Problem details: Please restate each entry that appears below word for word, without its pictures.

Stored records:

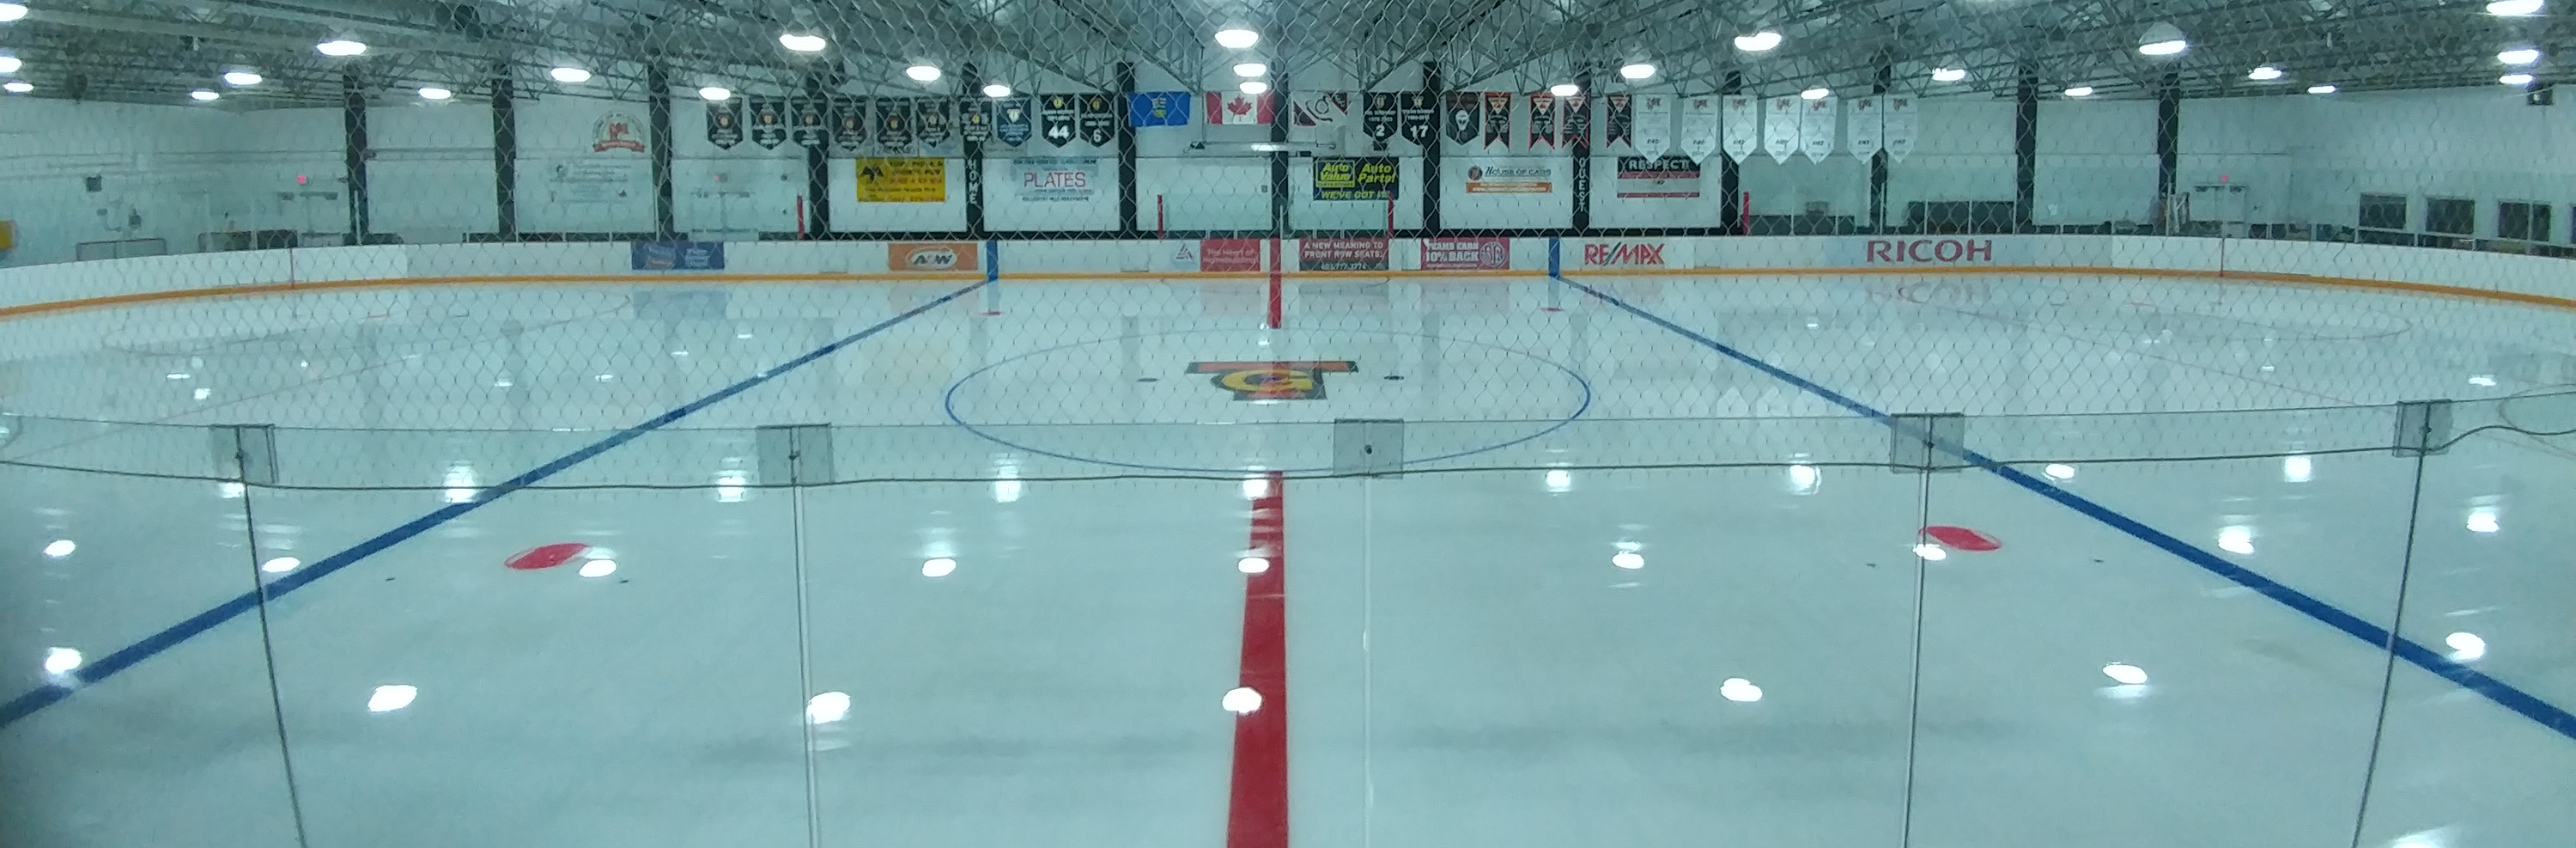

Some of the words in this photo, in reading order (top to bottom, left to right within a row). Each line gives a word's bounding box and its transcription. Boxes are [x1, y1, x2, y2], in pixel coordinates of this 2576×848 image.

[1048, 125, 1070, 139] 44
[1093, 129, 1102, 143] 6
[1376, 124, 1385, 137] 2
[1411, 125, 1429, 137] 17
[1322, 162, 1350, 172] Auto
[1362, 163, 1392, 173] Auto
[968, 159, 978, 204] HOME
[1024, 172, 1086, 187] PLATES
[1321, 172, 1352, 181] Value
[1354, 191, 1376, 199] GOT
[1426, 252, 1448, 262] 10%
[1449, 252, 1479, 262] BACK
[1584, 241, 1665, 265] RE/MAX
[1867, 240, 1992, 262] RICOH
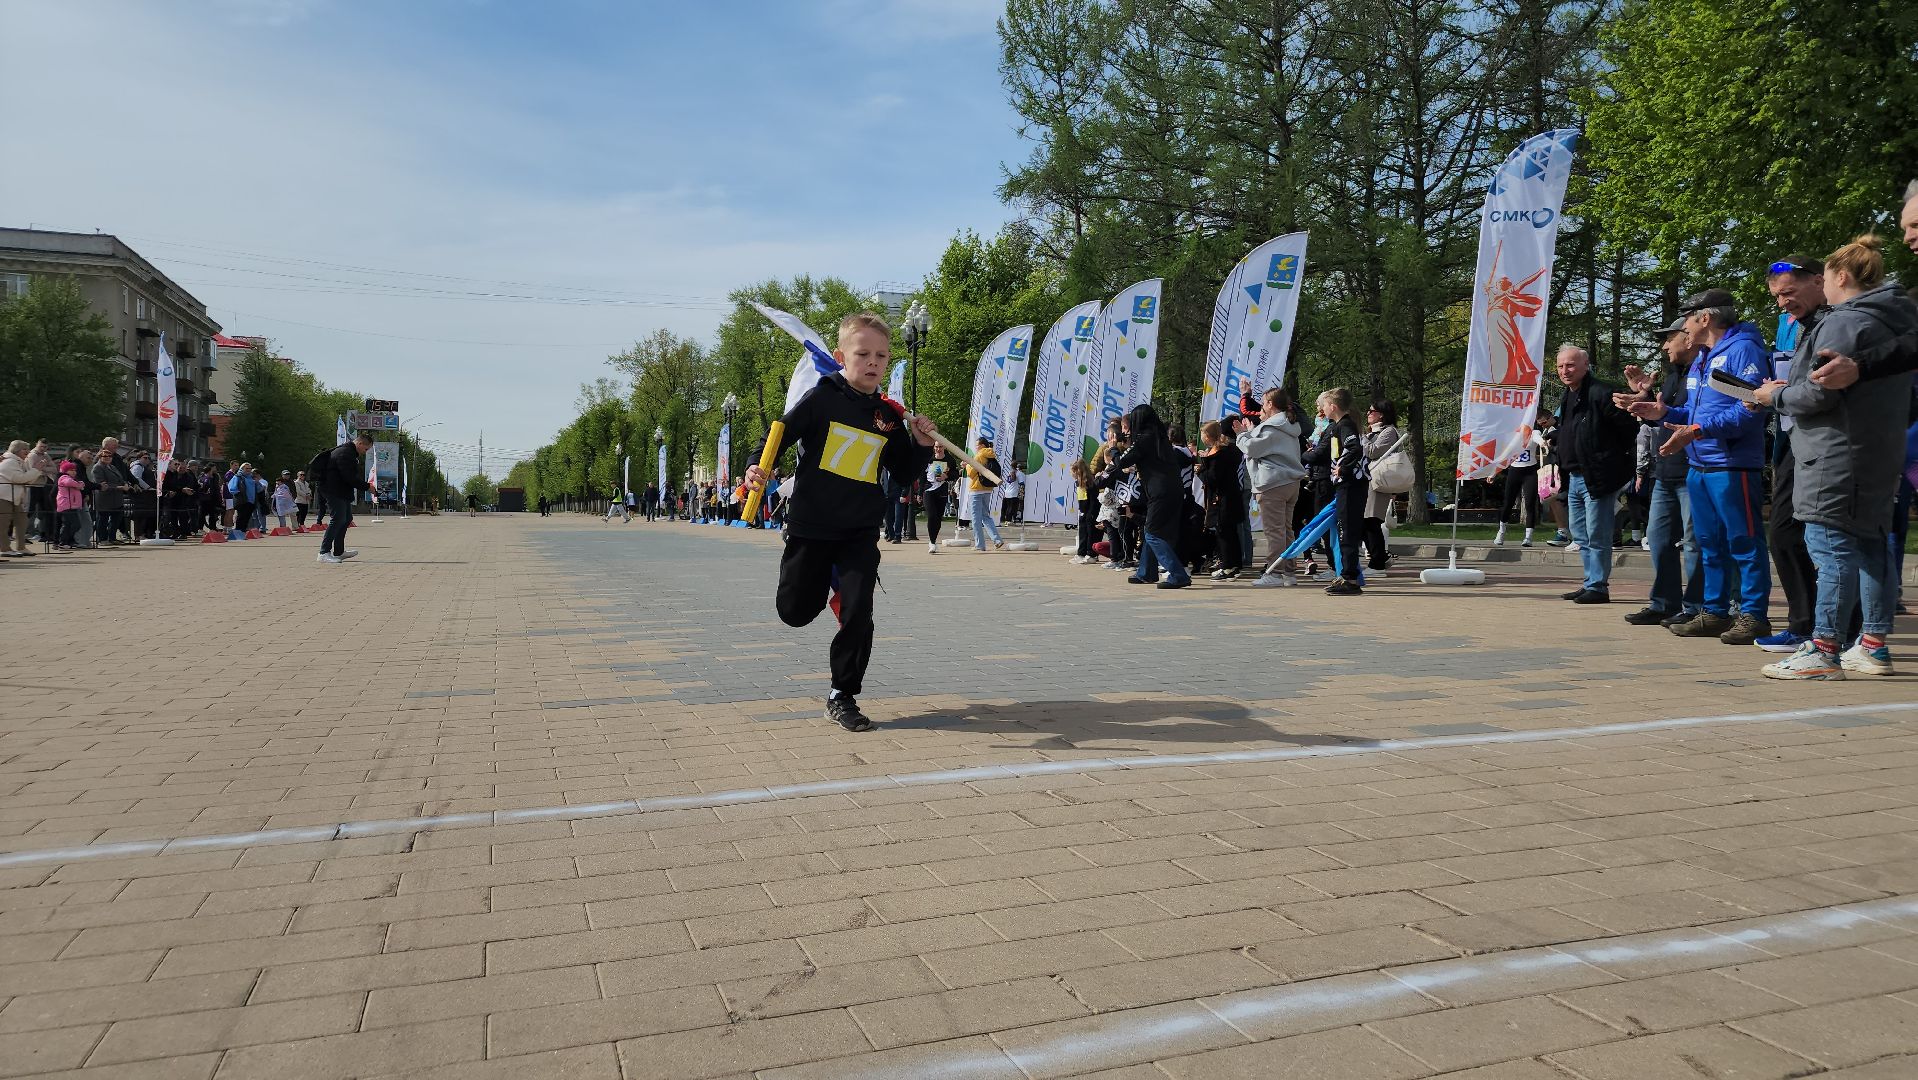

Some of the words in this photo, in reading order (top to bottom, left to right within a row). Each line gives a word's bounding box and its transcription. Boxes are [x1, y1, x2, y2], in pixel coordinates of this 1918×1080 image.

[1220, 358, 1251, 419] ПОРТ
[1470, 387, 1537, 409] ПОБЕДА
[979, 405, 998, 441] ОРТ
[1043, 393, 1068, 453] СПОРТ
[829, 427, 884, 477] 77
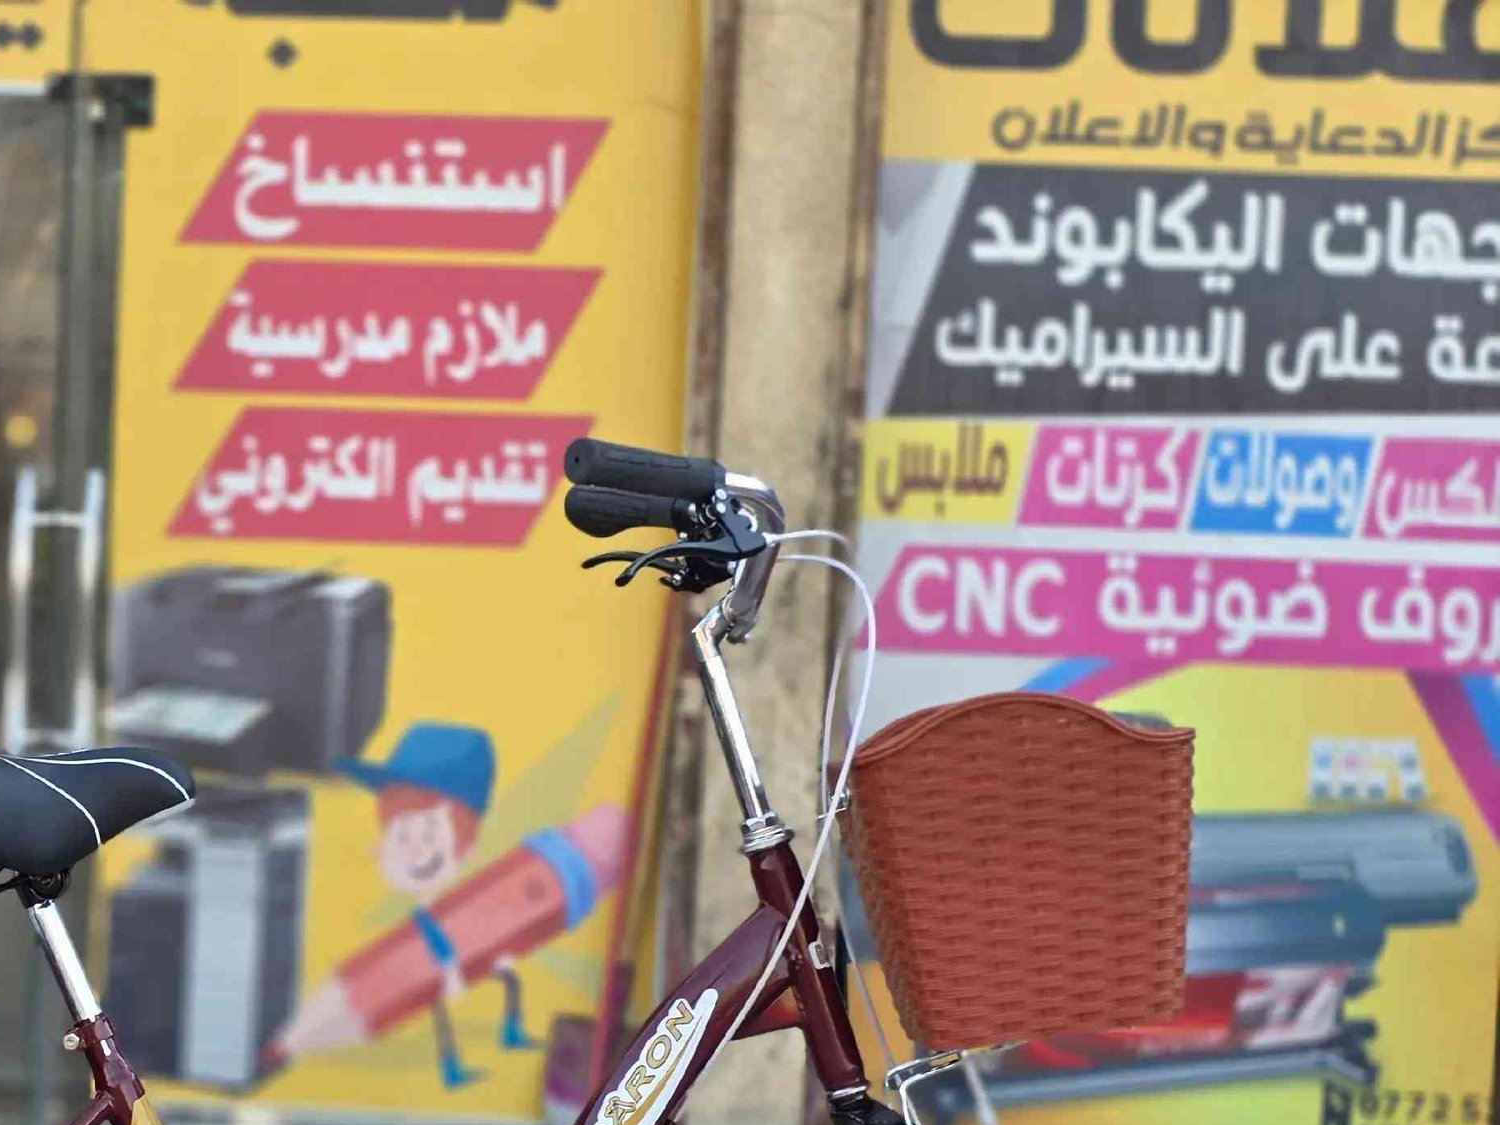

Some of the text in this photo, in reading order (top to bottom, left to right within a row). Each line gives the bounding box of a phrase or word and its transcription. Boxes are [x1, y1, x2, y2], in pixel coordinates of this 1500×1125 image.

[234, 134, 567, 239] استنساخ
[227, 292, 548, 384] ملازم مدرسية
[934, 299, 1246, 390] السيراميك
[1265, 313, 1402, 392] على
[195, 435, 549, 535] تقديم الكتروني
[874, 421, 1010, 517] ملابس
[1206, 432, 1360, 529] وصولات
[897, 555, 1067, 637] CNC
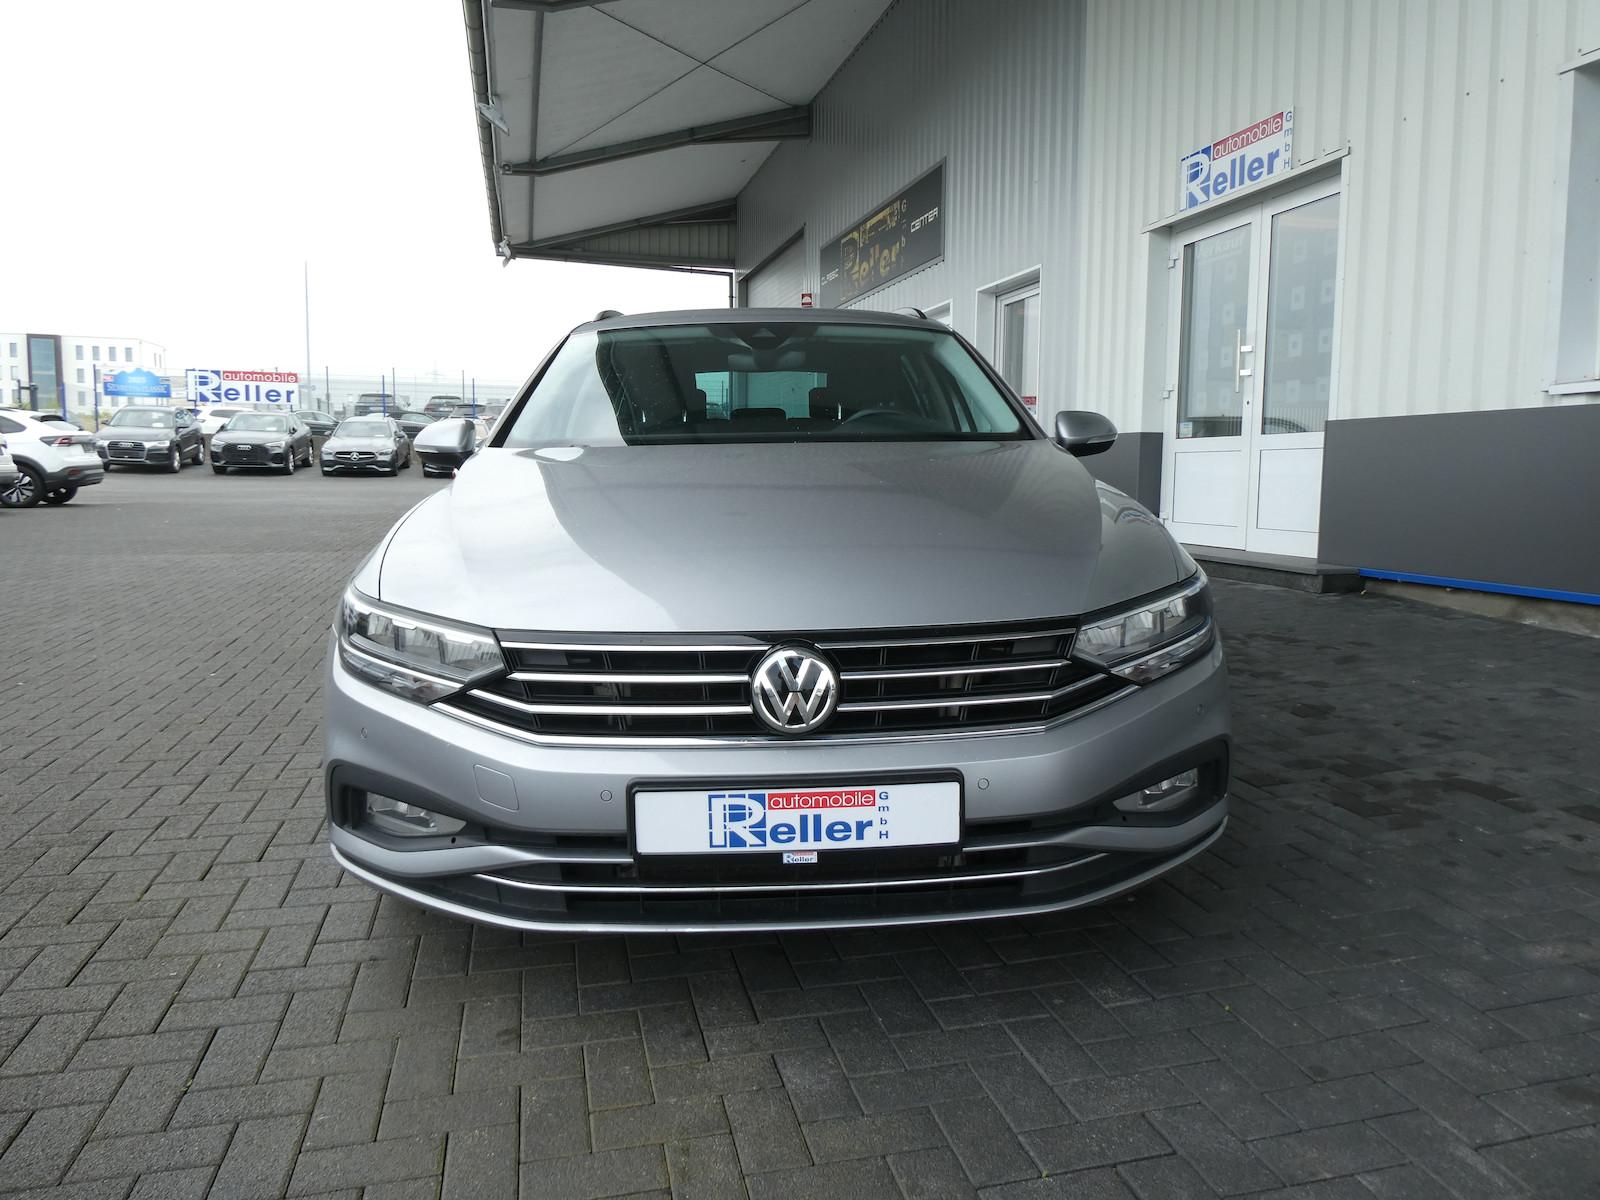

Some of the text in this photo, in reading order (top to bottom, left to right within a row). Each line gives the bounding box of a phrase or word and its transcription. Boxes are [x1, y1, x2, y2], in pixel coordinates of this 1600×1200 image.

Task solution:
Some of the words in this photo, in reading order (top to bottom, left to right within a row). Each line gives a word's bounding box and its transcription. Boxes are [x1, y1, x2, y2], in pixel coordinates of this 2576×848 image.

[1048, 125, 1070, 139] 44
[1093, 129, 1102, 143] 6
[1376, 124, 1385, 137] 2
[1411, 125, 1429, 137] 17
[1322, 162, 1350, 172] Auto
[1362, 163, 1392, 173] Auto
[968, 159, 978, 204] HOME
[1024, 172, 1086, 187] PLATES
[1321, 172, 1352, 181] Value
[1354, 191, 1376, 199] GOT
[1426, 252, 1448, 262] 10%
[1449, 252, 1479, 262] BACK
[1584, 241, 1665, 265] RE/MAX
[1867, 240, 1992, 262] RICOH

Some of the words in this photo, in reading order (top to bottom, left to right within a row). Each line gives a word's bounding box and its transcription. Boxes are [x1, y1, x2, y2], in pixel coordinates of this 1918×1080 image.

[1220, 358, 1251, 419] ПОРТ
[1470, 387, 1537, 409] ПОБЕДА
[979, 405, 998, 441] ОРТ
[1043, 393, 1068, 453] СПОРТ
[829, 427, 884, 477] 77

Some of the text in this photo, in reading order (top to bottom, left to right within a row). Each line gives the bounding box of a phrase or word and its transcription. Boxes are [x1, y1, x2, y2], in pixel coordinates of this 1500×1125 image.

[234, 134, 567, 239] استنساخ
[227, 292, 548, 384] ملازم مدرسية
[934, 299, 1246, 390] السيراميك
[1265, 313, 1402, 392] على
[195, 435, 549, 535] تقديم الكتروني
[874, 421, 1010, 517] ملابس
[1206, 432, 1360, 529] وصولات
[897, 555, 1067, 637] CNC

Some of the text in this photo, in reading order (top to bottom, left to right within a row). Each line gives the bounding box of a phrase or word and its transcription. Boxes are [x1, y1, x2, y2], in pixel coordinates of this 1600×1200 image.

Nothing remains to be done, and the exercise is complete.